Alzheimer’s and heart disease are two of the leading causes of death, both affecting millions of people around the world. Now, increasing studies have found that brain and heart health may be more connected than initially thought. At the interface between brain cells and blood vessels, the blood-brain barrier endures damage with age that seems to contribute to worsening cognitive function. In the most recent installment of this series on Alzheimer’s disease, we discussed the role that insulin receptors located in the blood-brain barrier may play in the development of Alzheimer’s. Here, we will delve deeper into the functions of the blood-brain barrier and how we may be able to prolong normal cognitive function in those with Alzheimer’s disease.
As we age, the blood-brain barrier develops tiny lesions that increase its permeability and impair function. Emerging studies have found that heightened dysfunction of the blood-brain barrier seems to occur early in the disease course, possibly before neurodegeneration, brain atrophy, and even cognitive symptoms. How this dysfunction contributes to Alzheimer’s disease has not been well understood, until now. A team from the Medical College of Georgia and collaborating institutions found that tiny lesions in the brain’s hair-thin microvascular vessels correspond with changes in white matter that ultimately contribute to worsening cognitive function and memory deficits.
What is white matter? Unlike gray matter which is comprised of neural cell bodies, white matter refers to the myelinated, or enclosed, axon fibers that facilitate the fast transmission of nerve impulses. White matter is essential for brain health and executing daily functions, including memory, problem-solving, and coordination. Not surprisingly, clinical observations have shown that changes in the brain’s white matter during Alzheimer’s disease correlate with memory deficits and impaired cognition.
In a previous report, the team identified a correlation between white matter deficits and blood-brain barrier dysfunction. It seems that the presence of tiny lesions within the microvessels of the blood-brain barrier generates oxidative stress and inflammation. Subsequent MRI imaging indicated that the increased inflammation may contribute to changes in the brain’s white matter.
To determine how blood-brain barrier dysfunction induces white matter changes in Alzheimer’s disease, Bagi et. al examined the brains of 28 people above the age of 65. This cohort included both men and women known to have Alzheimer’s disease, with or without obvious microvascular damage, in addition to healthy controls. They extracted white matter and cerebral vascular samples from the prefrontal cortex, a region of the brain that is particularly vulnerable to degeneration in Alzheimer’s disease.
Upon the first examination, investigators noted that cerebral blood vessels in those diagnosed with Alzheimer’s were significantly impaired. These blood vessels did not appear to dilate properly, even when exposed to powerful dilatation factors. The ability of blood vessels to dilate is critical for controlling the flow of blood across the blood-brain barrier. Impaired dilation not only may contribute to more inflammation and oxidative stress but also puts the blood vessels at risk of developing additional lesions.
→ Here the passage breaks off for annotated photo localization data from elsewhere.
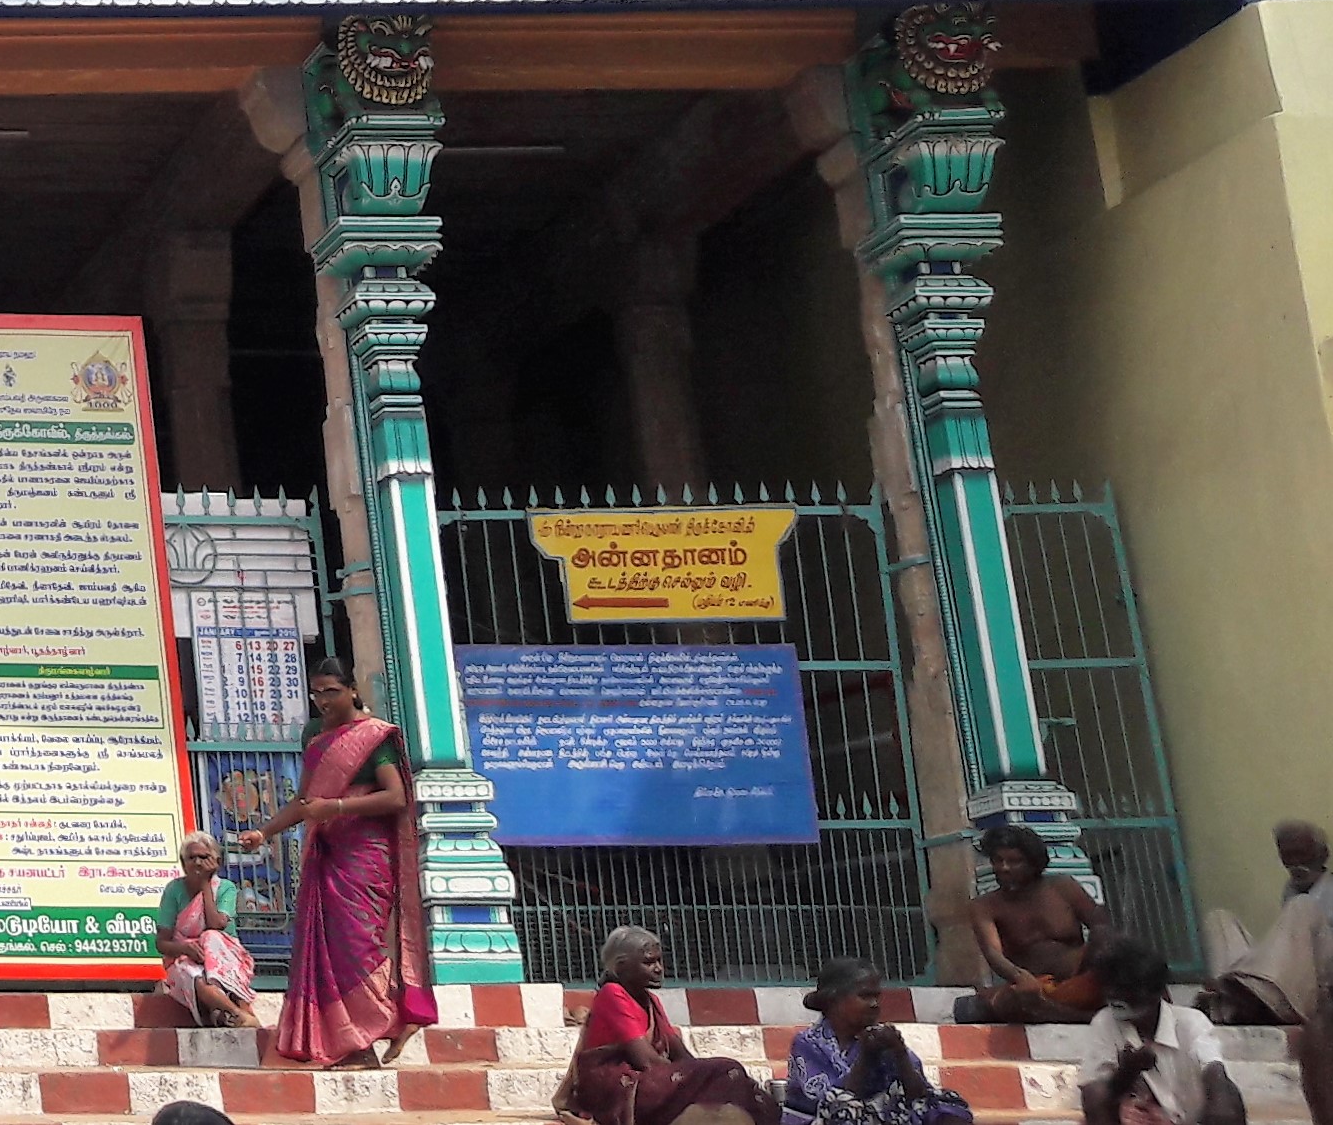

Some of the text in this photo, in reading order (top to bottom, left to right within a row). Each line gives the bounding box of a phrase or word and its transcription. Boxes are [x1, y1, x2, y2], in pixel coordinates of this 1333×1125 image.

[571, 540, 747, 572] அன்னதானம்
[235, 641, 242, 651] 6
[248, 641, 261, 651] 13
[283, 641, 295, 651] 27
[237, 653, 242, 662] 7
[250, 653, 262, 663] 14
[284, 653, 296, 663] 28
[237, 665, 244, 674] 8
[251, 665, 263, 674] 15
[285, 665, 298, 675] 29
[238, 677, 245, 686] 9
[251, 677, 264, 686] 16
[286, 677, 299, 687] 30
[235, 689, 248, 698] 10
[252, 689, 265, 698] 17
[287, 689, 299, 699] 31
[236, 701, 248, 710] 11
[254, 701, 266, 710] 18
[238, 713, 250, 722] 12
[254, 713, 266, 723] 19
[85, 915, 100, 934] &
[40, 940, 67, 952] செல்
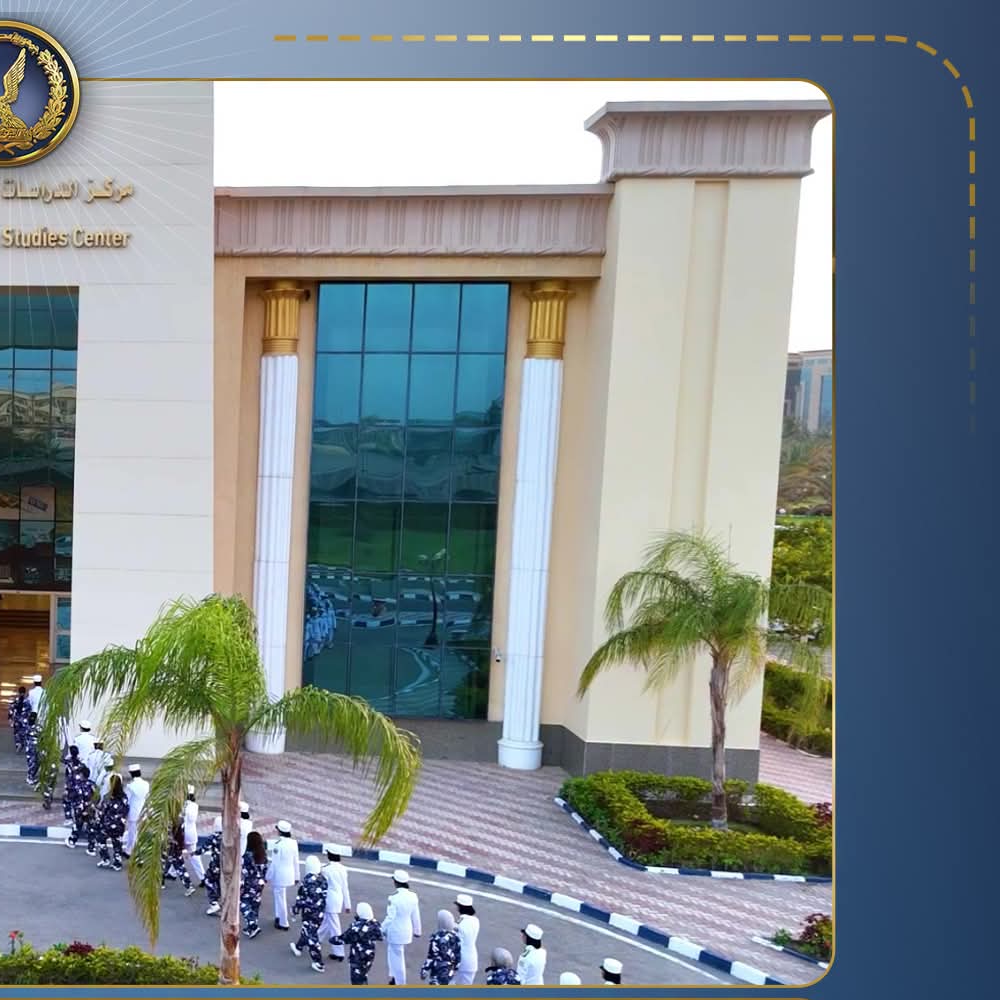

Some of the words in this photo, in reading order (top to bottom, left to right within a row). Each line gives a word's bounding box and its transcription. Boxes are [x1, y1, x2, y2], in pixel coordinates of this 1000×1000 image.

Bagi et. al also found that greater impairment of the microvessels corresponded with more significant white matter changes. To their surprise, this was accompanied by an increased number of specific brain cells called astrocytes. As a key component of the blood-brain barrier, these supportive cells regulate the exchange of nutrients and waste between the brain and blood. Researchers speculate that with progressive microvascular dysfunction in Alzheimer’s disease, astrocytes undergo changes that cause them to become more reactive and inflammatory. The additional injury that these cells inflict on the brain-brain barrier and nearby cells makes the brain more vulnerable to cognitive changes.
Overall, this study adds to the growing body of evidence that inflammation within the blood-brain barrier induces structural changes in the brain. Fortunately, unlike neurodegeneration, vascular inflammation can be modified through diet and exercise. Dr. Zsolt Bagi, lead author and biologist at the Medical College of Georgia, wrote, “We are proposing that if you prevent development of the microvascular component, you may at least add several years of more normal functioning to individuals with Alzheimer’s.” Understanding the connection between heart and brain health may one day enable early screening for Alzheimer’s and other forms of dementia through routine blood tests.